If I give you a gift and you freely write me a note of gratitude, that’s great! ß This is not what I’m talking about. In this equation both parties are offering something to each other voluntarily (ideally).
If I give you a gift and then wait for you to write me a thank you note, stewing as time goes on because well, it’s been 5 days and there’s no acknowledgment of this wonderful thing I’ve given and then the next time I see you I’m a bit passive aggressive about everything because, well, you never said thank you and how rude and inconsiderate to treat my gift in such a way… ß this is what I’m addressing. Do you see how my gift becomes a burden? As soon as that happens, it’s no longer a gift; it’s a burden. It’s a burden to both people.

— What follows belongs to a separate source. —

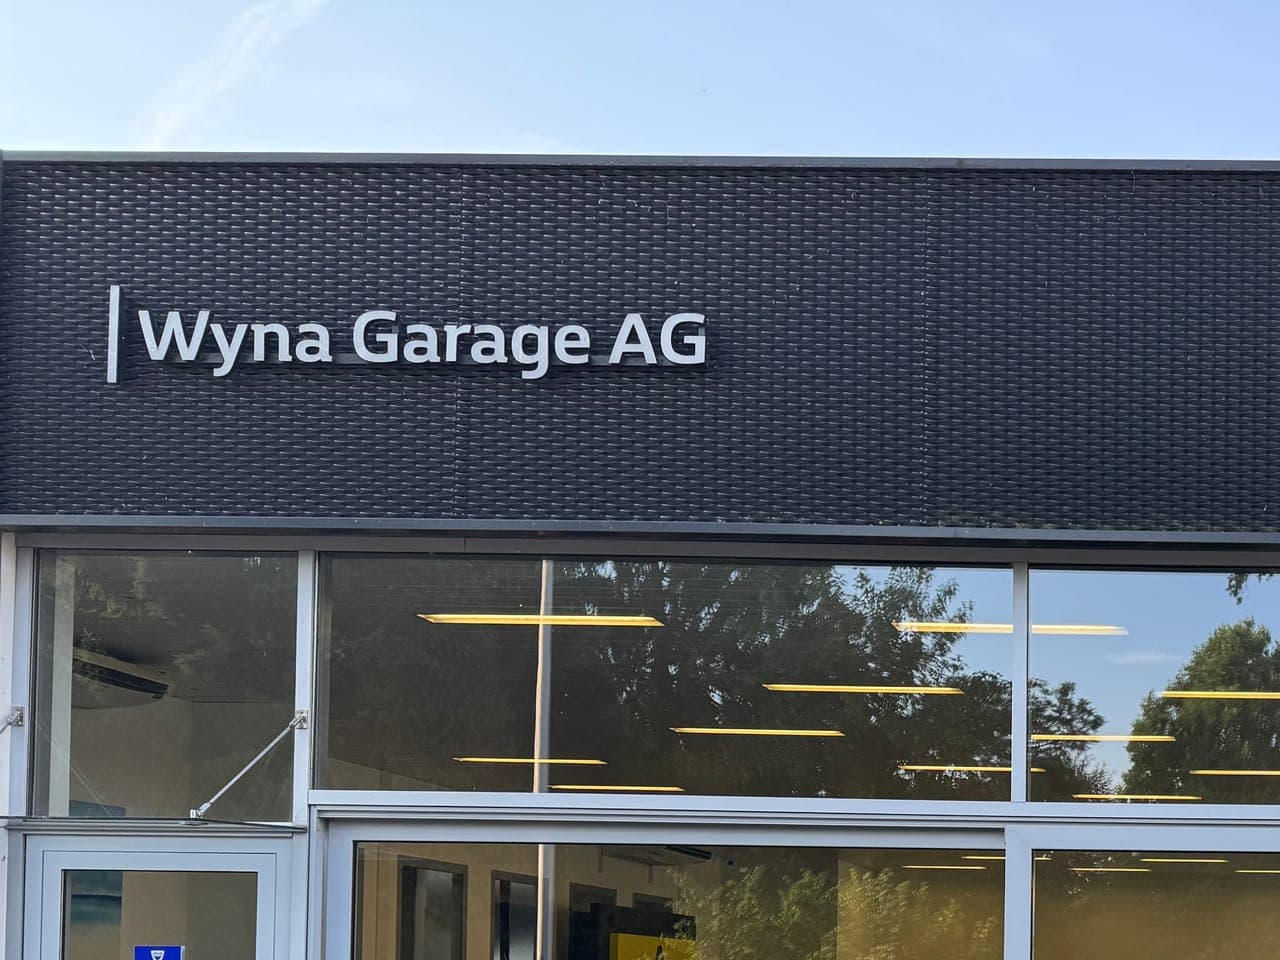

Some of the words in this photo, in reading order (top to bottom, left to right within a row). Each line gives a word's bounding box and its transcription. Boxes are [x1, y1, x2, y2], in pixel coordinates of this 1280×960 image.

A gift to someone should participate in their liberation and not add to their captivity. A gift is a gift. (Full Stop.)
Luke 14:1, 7-14
Now he was saying to the one who has invited him, “Whenever you make a midday meal or supper, do not summon your friends, and not your brothers and not your relatives and not a wealthy neighbor, lest at any time they also may invite you in turn and it might become for you recompense. But, whenever you make a banquet, call the poor, maimed, limping, and blind. And you will be blessed because they are not able to give back as an equivalent to you. For, it will be given back to you in the resurrection of the righteous.”[1]
Luke 14:12-14
Luke tells us Jesus is at the house of a prominent pharisee, breaking bread. Luke explains they were “observing him scrupulously” (παρατηρούμενοι[2]). But, jokes on them.[3] In v. 7, Jesus is paying heed (ἐπέχων[4]) to their behavior. (Tables turned.) What was he watching? Their vying for the best seat at the table with the most honor. These people weren’t being “selfish”, per se. They were just behaving according to custom and etiquette. Seats around a table carried significance in Jesus’s honor/shame culture. (We have our own; thus, we can relate.) Where one reclined indicated honor and status: closest to the host the most honor. As seats descended down the table from the host, honor and status declined. So, invitees to banquets vied for the first spot. They had to; their livelihood depended on it.[5]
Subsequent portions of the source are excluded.